The Long Road Back

In the summer of 2017, I stood before several hundred local union and national leaders from the U.S. and Canada at a conference to deliver my yearly report of activity as Director of Education of our organization. Among those activities, the dozens of leadership, representation and organizing trainings conducted was what I believed was the gem of all our trainings: our SMART MAP mental health awareness trainings we had been conducting for about 5 years at that time.

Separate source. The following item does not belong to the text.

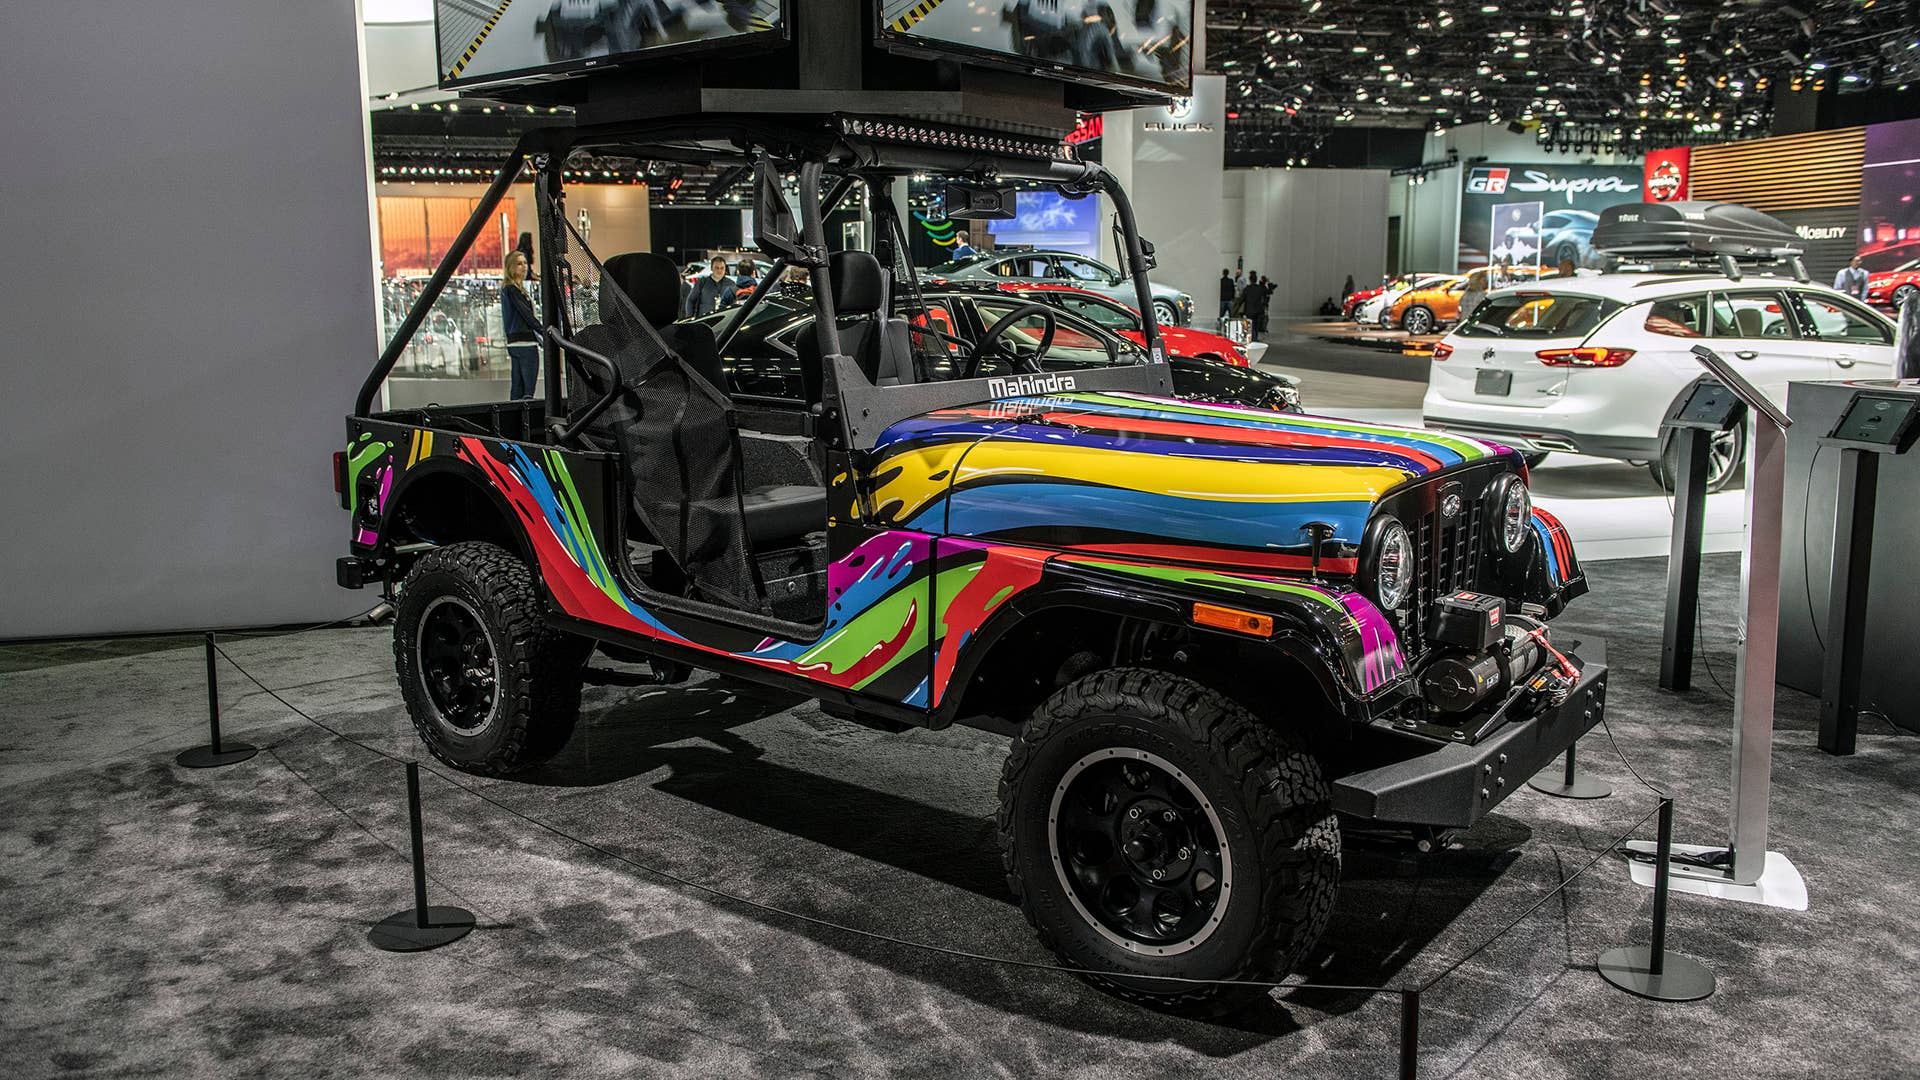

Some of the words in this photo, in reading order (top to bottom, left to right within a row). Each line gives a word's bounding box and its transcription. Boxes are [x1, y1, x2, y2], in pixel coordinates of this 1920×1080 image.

[1143, 121, 1216, 133] BUICK
[1468, 175, 1506, 194] GR
[1510, 169, 1639, 205] Supra
[988, 373, 1076, 399] Mahindra

What was unusual for me on that podium and the central reason for experiencing a mild pre-talk panic attack was the fact that I had decided that this was the year that I would “come out” during this presentation, as a guy who has struggled with addiction and has been in recovery most of his adult life. In construction there is a “work hard, play hard” culture - I was raised in that world - my grandfather, a tough Bronx-born construction guy would say to me, “don’t ever trust a man who doesn’t drink,” so I drank plenty, to be sure I could be trusted. I was having blackouts by the time I was 18, in trouble in school and with the law. By the time I turned 21, I was in a court appointed rehab facility. This was part one. 

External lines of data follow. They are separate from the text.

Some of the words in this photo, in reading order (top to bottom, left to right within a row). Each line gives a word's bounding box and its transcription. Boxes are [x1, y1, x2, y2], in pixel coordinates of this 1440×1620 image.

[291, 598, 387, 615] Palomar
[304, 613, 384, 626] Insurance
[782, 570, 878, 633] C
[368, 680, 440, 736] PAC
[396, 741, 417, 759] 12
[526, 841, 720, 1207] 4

I came out of rehab terrified to drink. Rehab will do that to you by presenting all the wreckage drinking, and drugging has caused; so, I didn’t drink for 16 ½ years. During that time, I lived and worked and progressed in life, marriage, kids, work - all the good things in life - but I forgot along that road that I was an alcoholic and as is the case when you’re having these conversations quietly inside your head, I talked myself into a relapse. I received an absolutely devastating education on the progressive nature of Substance Use Disorders, where the disease of alcoholism progresses through the years even though you are not drinking, and when I started drinking again, it wasn’t long before I was experiencing blackouts and other consequences, which was hard to explain, because everyone knew me as the guy who didn’t drink. What followed was an 18-month odyssey of drinking, drugging, lying, and hiding, who I’d become left me desperate, alone, and terrified. I truly was a “shell of a man.”

Getting sober was never my idea, not in 1984 when I got the nudge from the judge which landed me in rehab on my 21st birthday, and not in 2003 when my life was completely out of control. As I was getting closer to accepting the help I needed, I was faced with having to tell my national union president I needed time off to go into rehab and his warm empathetic response was an “of course, take the time you need, we got you” hug that told me I wasn’t alone.

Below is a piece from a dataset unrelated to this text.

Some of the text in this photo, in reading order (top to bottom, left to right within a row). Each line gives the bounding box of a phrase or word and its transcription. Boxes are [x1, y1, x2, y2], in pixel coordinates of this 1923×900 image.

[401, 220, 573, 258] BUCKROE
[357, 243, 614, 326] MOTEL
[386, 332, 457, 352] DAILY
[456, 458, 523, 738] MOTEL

Anyone who has ever relapsed after having been sober for a long time will tell you that the road back can be long, hard, and lonely, but along that road you build experience; you find strength and discover hope. As I became stronger in mind and spirit, I was inspired by the Mohandas Gandhi quote, “the best way to find yourself is to lose yourself in the service of others,” and that opportunity came when developing a training for our elected leadership. I designed a presentation titled: How to Represent Our Members Who Are Going Through Crisis, which started as a four-hour section of a three-day training and transformed into what is now our SMART MAP Mental Health training and companion peer mentor development program.

SMART MAP is a mental health awareness and action program that highlights the issues associated with Substance Use Disorder and suicide prevention, and trains union members on helping members and their families in need. These SMART MAP Mentors are compassionate, empathetic, and well-respected union members who together with experts in the field of mental health, support our members throughout the recovery process. We have trained close to 1,000 business representatives and organizers, apprenticeship instructors and members and have developed a phenomenal group of mental health professionals whose resources we make available to our local unions. Our union has been addressing mental health issues on a national level for 10 years and for an industry that has some of the highest rates of addiction and suicide, I feel we are in a great place ‘to be in the service of others’.

One of the most beautiful things I have found that has come from that relapse is that the more I tell my story, the more travelers I meet who have taken a similar path and who stand ready, not just to walk with me but to walk with their family in the union to help them get on their path of recovery. One of these travelers was in the audience that summer in 2017 when I came off the stage having disclosed myself as a guy in long-term recovery. He sent me this text, “Chris, I want to tell you how proud of you I am of you, it took a lot of courage to “come out” about your recovery during your report. This is a tough group to run in as a sober guy, you’re setting a good example for the rest of us trying to be good sober leaders in this organization, thanks man.”  I kept this text.